## [To do]
Below are records; output all of them exactly.

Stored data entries
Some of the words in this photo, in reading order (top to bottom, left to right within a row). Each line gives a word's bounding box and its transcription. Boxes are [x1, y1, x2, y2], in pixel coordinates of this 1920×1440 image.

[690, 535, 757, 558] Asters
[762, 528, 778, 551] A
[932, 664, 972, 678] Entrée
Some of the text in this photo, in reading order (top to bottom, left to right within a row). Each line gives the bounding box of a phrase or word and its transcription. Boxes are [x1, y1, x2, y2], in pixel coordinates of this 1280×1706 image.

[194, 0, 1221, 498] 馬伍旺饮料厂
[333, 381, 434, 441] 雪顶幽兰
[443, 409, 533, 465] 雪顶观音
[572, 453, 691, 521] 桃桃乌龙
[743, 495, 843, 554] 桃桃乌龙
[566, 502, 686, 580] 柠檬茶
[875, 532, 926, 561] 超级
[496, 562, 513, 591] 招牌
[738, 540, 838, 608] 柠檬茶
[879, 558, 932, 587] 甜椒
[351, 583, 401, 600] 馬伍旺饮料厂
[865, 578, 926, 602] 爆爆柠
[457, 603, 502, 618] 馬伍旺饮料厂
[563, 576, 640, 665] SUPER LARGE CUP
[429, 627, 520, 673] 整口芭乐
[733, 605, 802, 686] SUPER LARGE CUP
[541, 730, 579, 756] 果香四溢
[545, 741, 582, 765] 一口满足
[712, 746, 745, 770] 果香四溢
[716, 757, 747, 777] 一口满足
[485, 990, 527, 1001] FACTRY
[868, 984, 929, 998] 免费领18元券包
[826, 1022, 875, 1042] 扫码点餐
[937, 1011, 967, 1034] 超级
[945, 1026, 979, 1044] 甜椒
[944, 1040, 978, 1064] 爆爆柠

## [Result for this exercise]
Some of the words in this photo, in reading order (top to bottom, left to right within a row). Each line gives a word's bounding box and its transcription. Boxes are [x1, y1, x2, y2], in pixel coordinates of this 1920×1440 image.

[690, 535, 757, 558] Asters
[762, 528, 778, 551] A
[932, 664, 972, 678] Entrée
Some of the text in this photo, in reading order (top to bottom, left to right within a row). Each line gives the bounding box of a phrase or word and its transcription. Boxes are [x1, y1, x2, y2], in pixel coordinates of this 1280×1706 image.

[194, 0, 1221, 498] 馬伍旺饮料厂
[333, 381, 434, 441] 雪顶幽兰
[443, 409, 533, 465] 雪顶观音
[572, 453, 691, 521] 桃桃乌龙
[743, 495, 843, 554] 桃桃乌龙
[566, 502, 686, 580] 柠檬茶
[875, 532, 926, 561] 超级
[496, 562, 513, 591] 招牌
[738, 540, 838, 608] 柠檬茶
[879, 558, 932, 587] 甜椒
[351, 583, 401, 600] 馬伍旺饮料厂
[865, 578, 926, 602] 爆爆柠
[457, 603, 502, 618] 馬伍旺饮料厂
[563, 576, 640, 665] SUPER LARGE CUP
[429, 627, 520, 673] 整口芭乐
[733, 605, 802, 686] SUPER LARGE CUP
[541, 730, 579, 756] 果香四溢
[545, 741, 582, 765] 一口满足
[712, 746, 745, 770] 果香四溢
[716, 757, 747, 777] 一口满足
[485, 990, 527, 1001] FACTRY
[868, 984, 929, 998] 免费领18元券包
[826, 1022, 875, 1042] 扫码点餐
[937, 1011, 967, 1034] 超级
[945, 1026, 979, 1044] 甜椒
[944, 1040, 978, 1064] 爆爆柠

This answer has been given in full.